Could the records be returned exactly, with the pictures left out?
====================
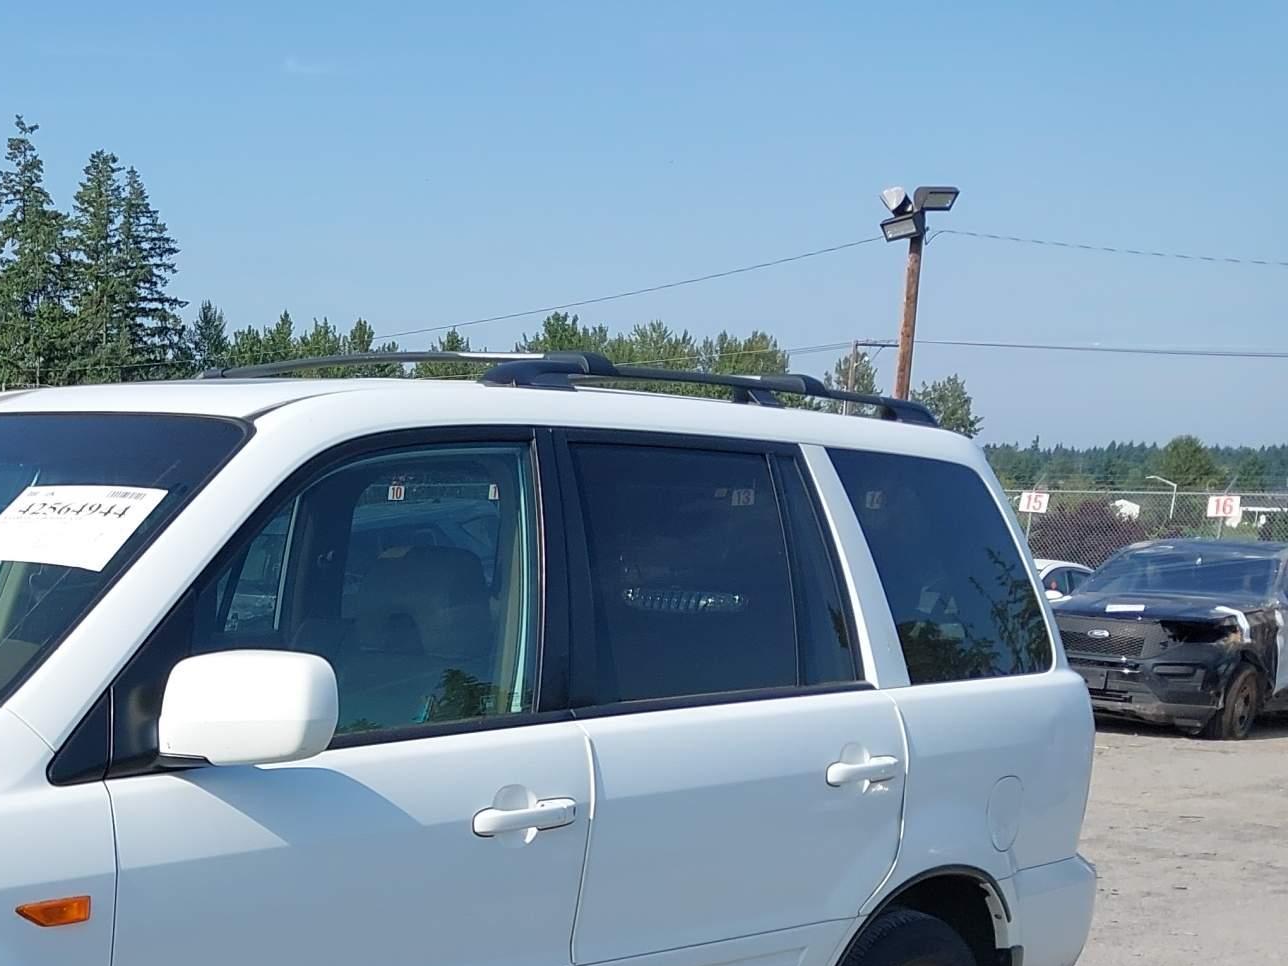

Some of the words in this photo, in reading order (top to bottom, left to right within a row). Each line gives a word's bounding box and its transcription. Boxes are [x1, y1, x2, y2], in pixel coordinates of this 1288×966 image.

[392, 486, 402, 499] 10
[736, 490, 751, 504] 13
[18, 502, 131, 518] 42564944
[1026, 494, 1043, 511] 15
[1215, 498, 1234, 515] 16
====================
• _RESPONSE BELOW_
Some of the words in this photo, in reading order (top to bottom, left to right within a row). Each line gives a word's bounding box and its transcription. Boxes are [x1, y1, x2, y2], in pixel coordinates of this 1288×966 image.

[392, 486, 402, 499] 10
[736, 490, 751, 504] 13
[18, 502, 131, 518] 42564944
[1026, 494, 1043, 511] 15
[1215, 498, 1234, 515] 16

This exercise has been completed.